### Instructions for the task:
Scan the entries below. Return every line that includes "phrase".

### Data extract:

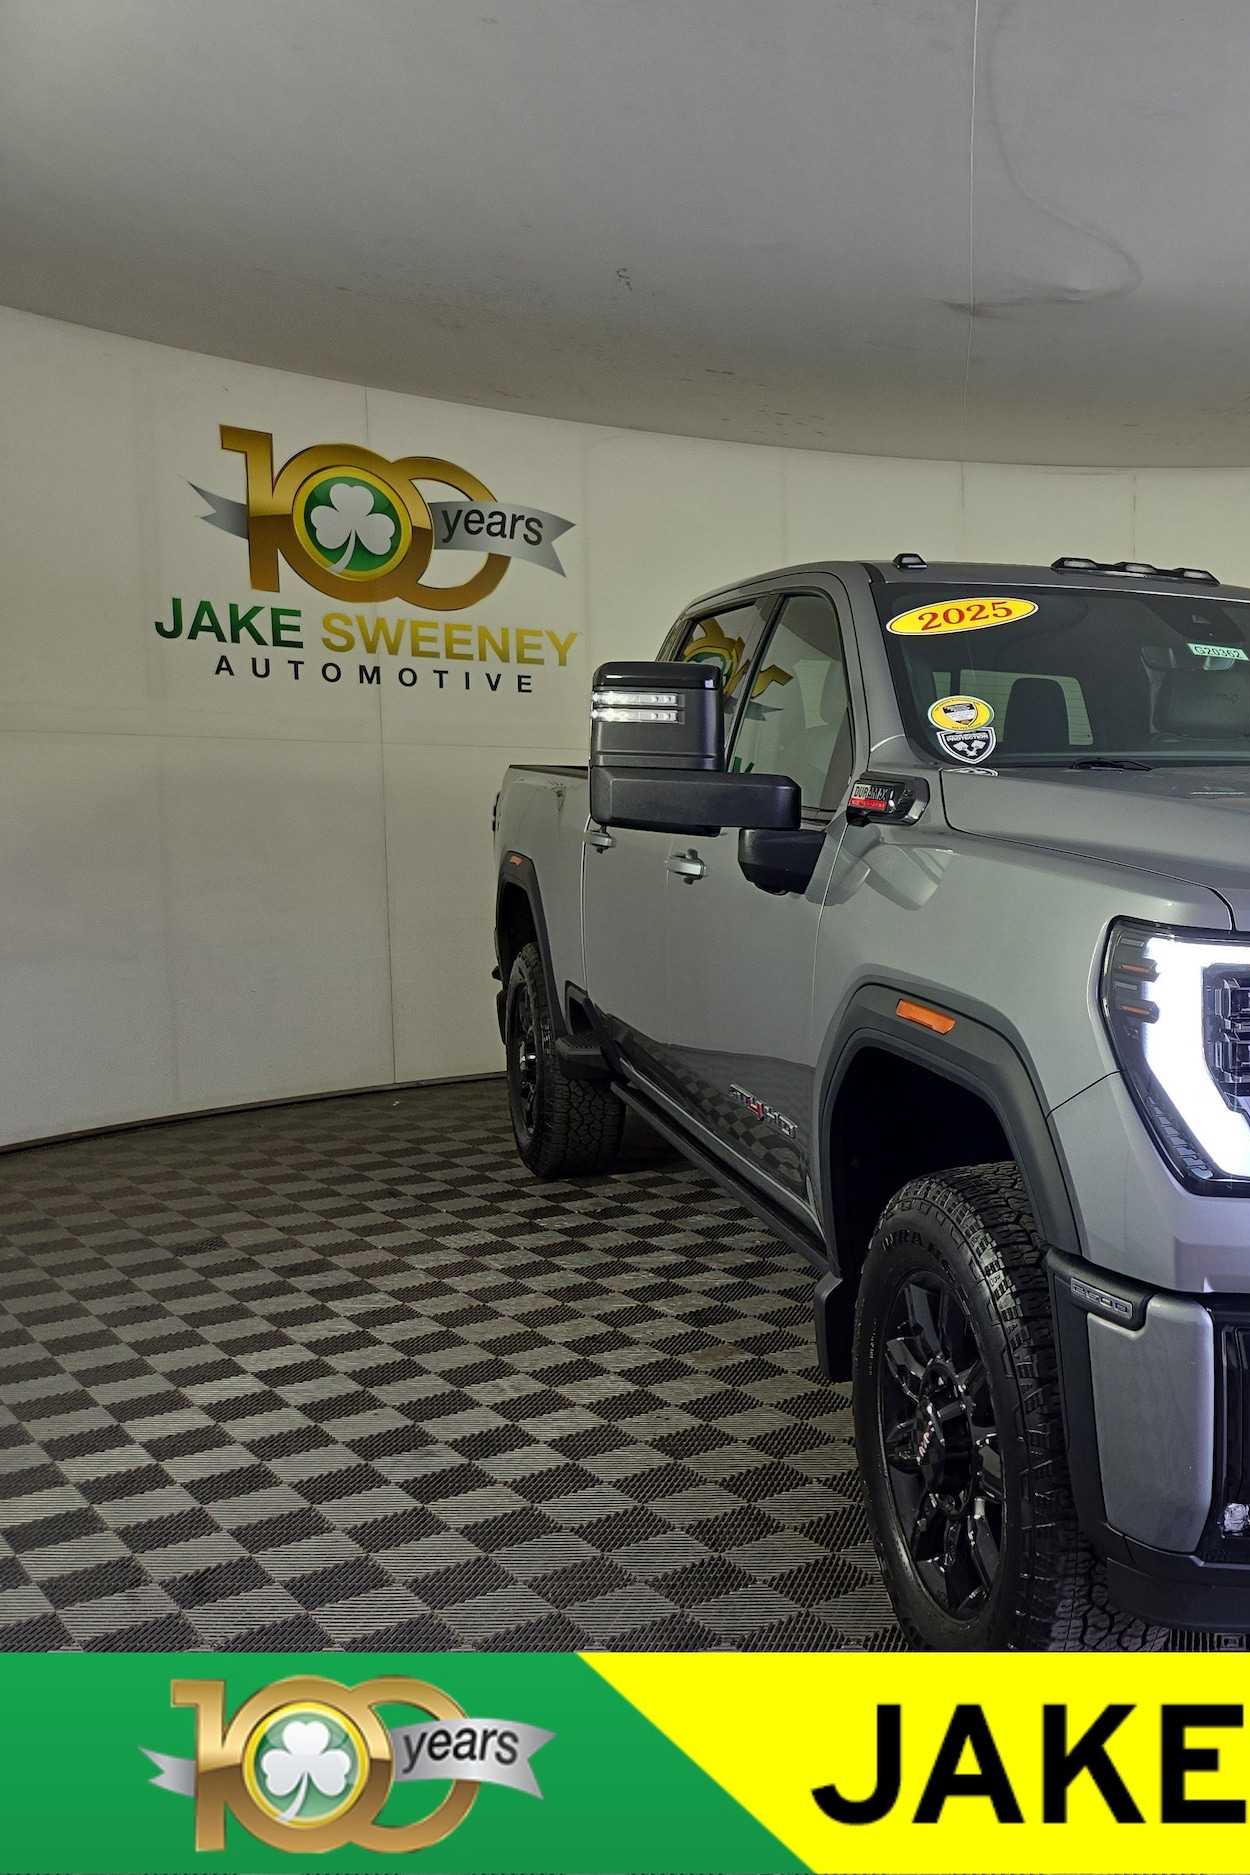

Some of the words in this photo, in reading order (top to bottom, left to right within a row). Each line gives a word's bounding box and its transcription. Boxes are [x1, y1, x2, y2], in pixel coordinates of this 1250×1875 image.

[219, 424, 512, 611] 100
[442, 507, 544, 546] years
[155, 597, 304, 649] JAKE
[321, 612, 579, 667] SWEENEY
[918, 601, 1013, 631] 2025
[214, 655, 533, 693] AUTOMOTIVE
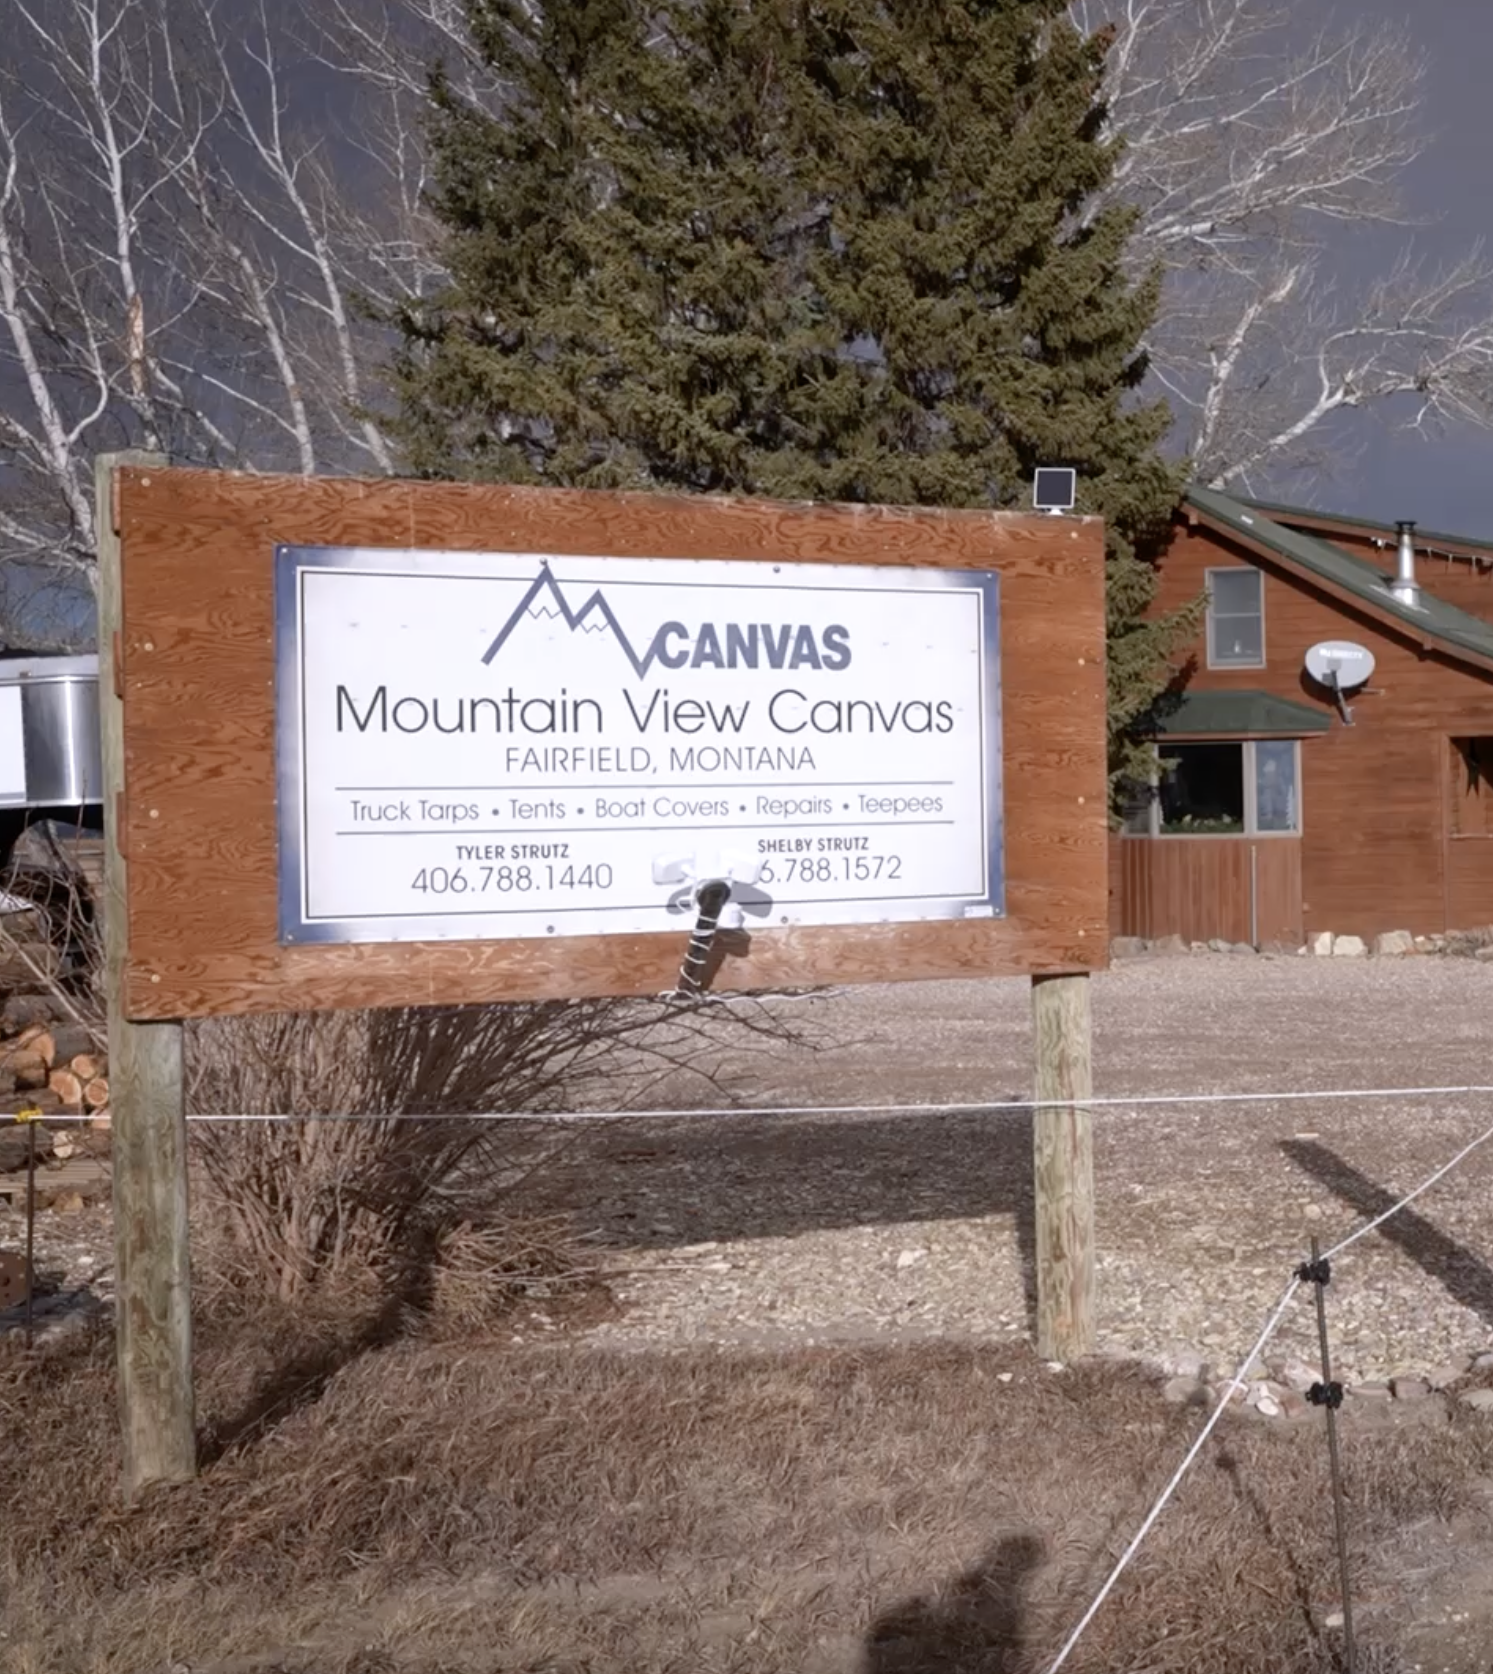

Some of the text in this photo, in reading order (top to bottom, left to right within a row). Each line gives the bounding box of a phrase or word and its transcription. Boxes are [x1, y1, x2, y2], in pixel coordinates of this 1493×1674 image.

--

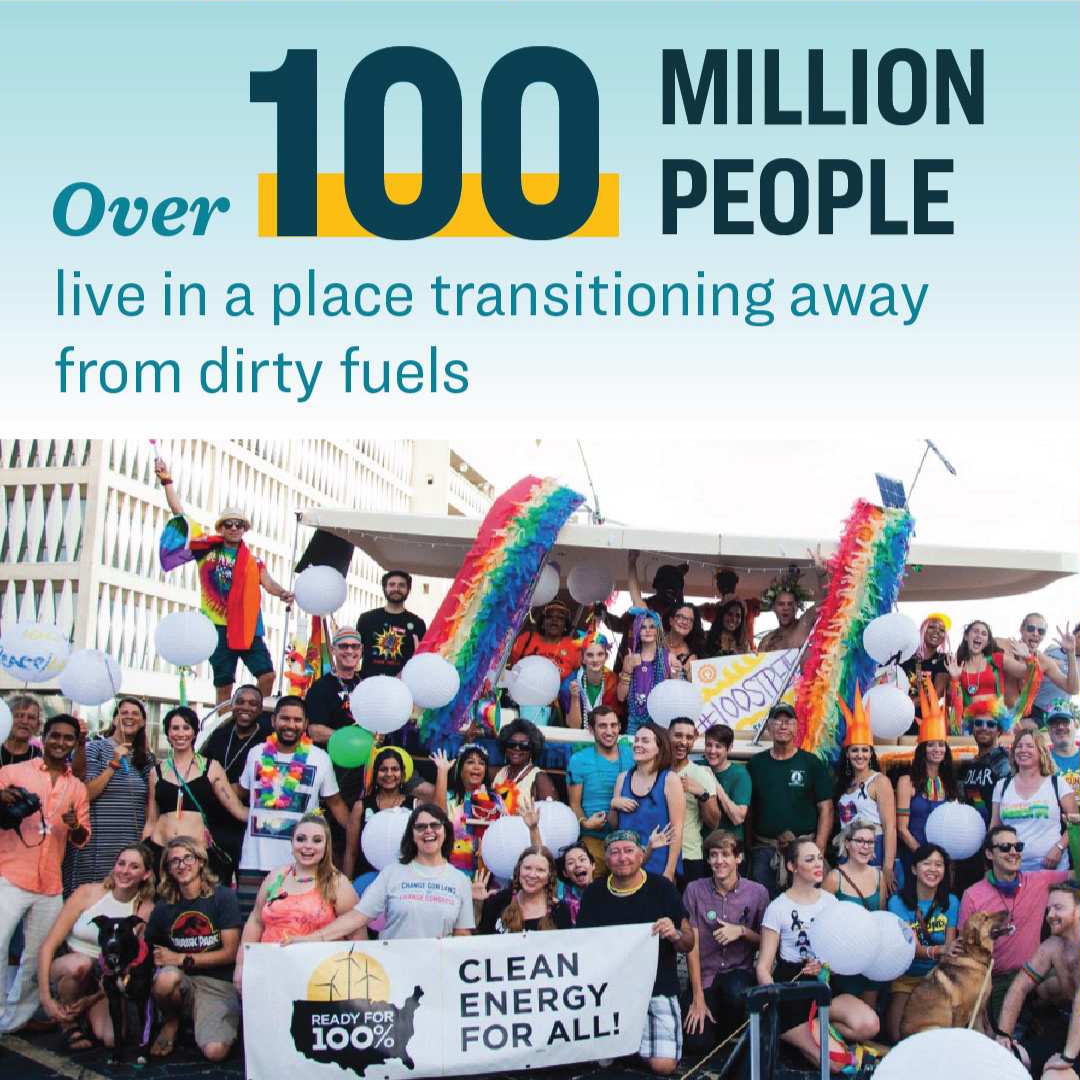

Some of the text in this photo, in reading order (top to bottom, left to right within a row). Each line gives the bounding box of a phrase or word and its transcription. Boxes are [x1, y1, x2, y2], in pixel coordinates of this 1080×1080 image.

* * *

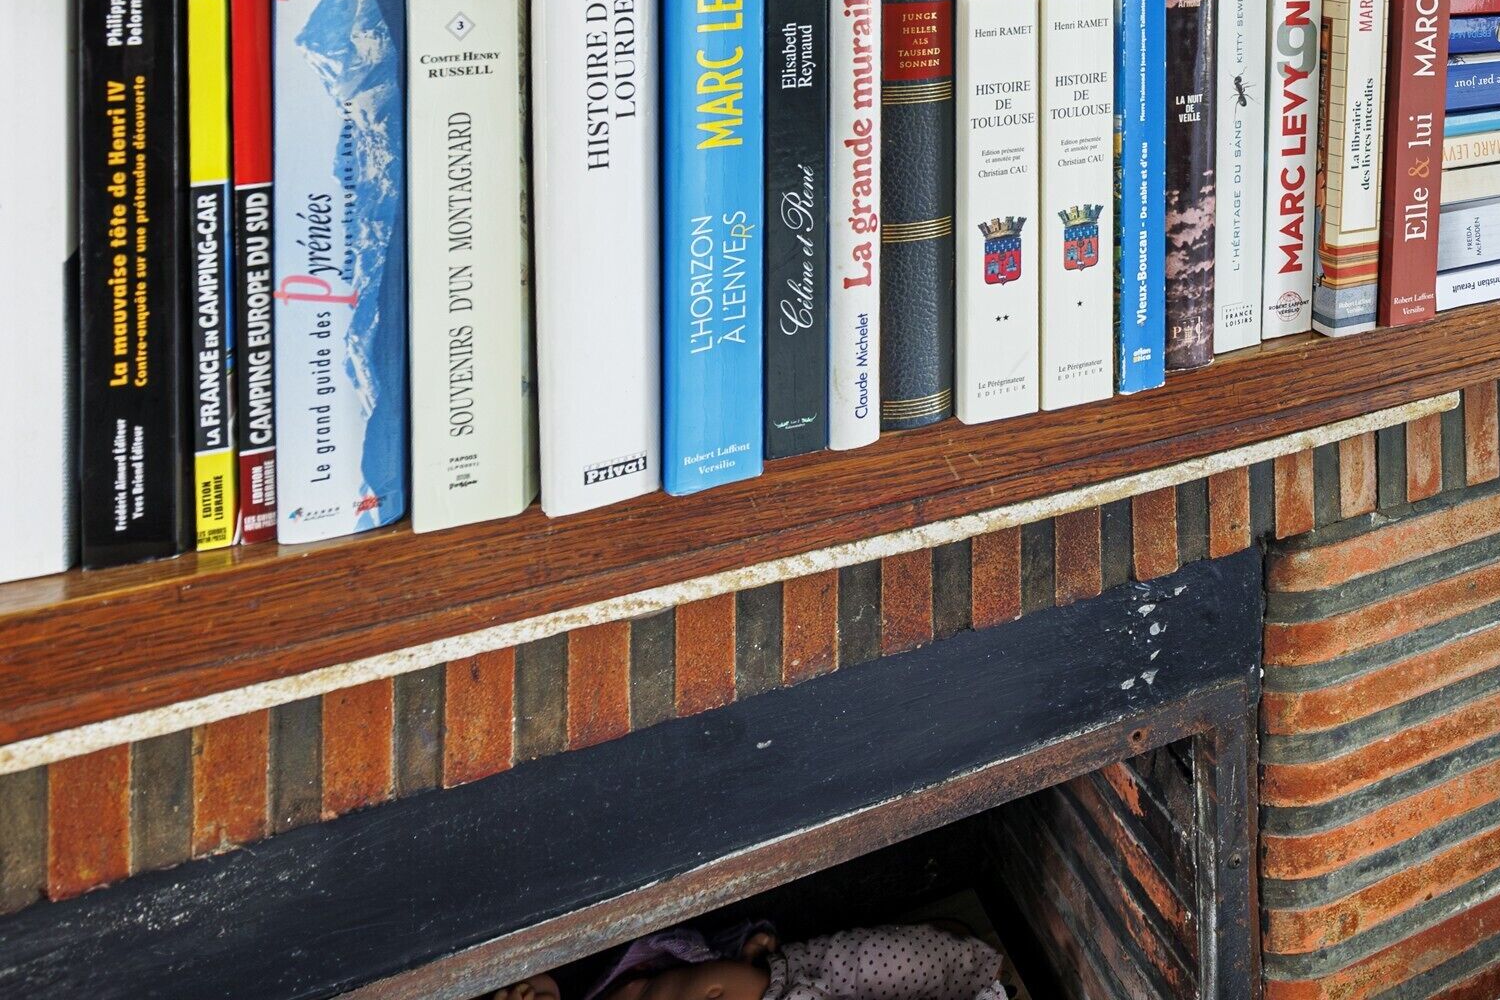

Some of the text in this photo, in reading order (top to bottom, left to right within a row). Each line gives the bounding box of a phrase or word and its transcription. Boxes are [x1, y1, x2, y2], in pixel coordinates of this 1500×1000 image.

### Result:
Some of the text in this photo, in reading order (top to bottom, left to right within a row). Each line gives the bounding box of a phrase or word and its transcription. Boxes are [x1, y1, x2, y2], in pixel coordinates of this 1493×1674 image.
Some of the text in this photo, in reading order (top to bottom, left to right within a row). Each line gives the bounding box of a phrase or word and its transcription. Boxes are [x1, y1, x2, y2], in pixel coordinates of this 1080×1080 image.
Some of the text in this photo, in reading order (top to bottom, left to right within a row). Each line gives the bounding box of a phrase or word and its transcription. Boxes are [x1, y1, x2, y2], in pixel coordinates of this 1500×1000 image.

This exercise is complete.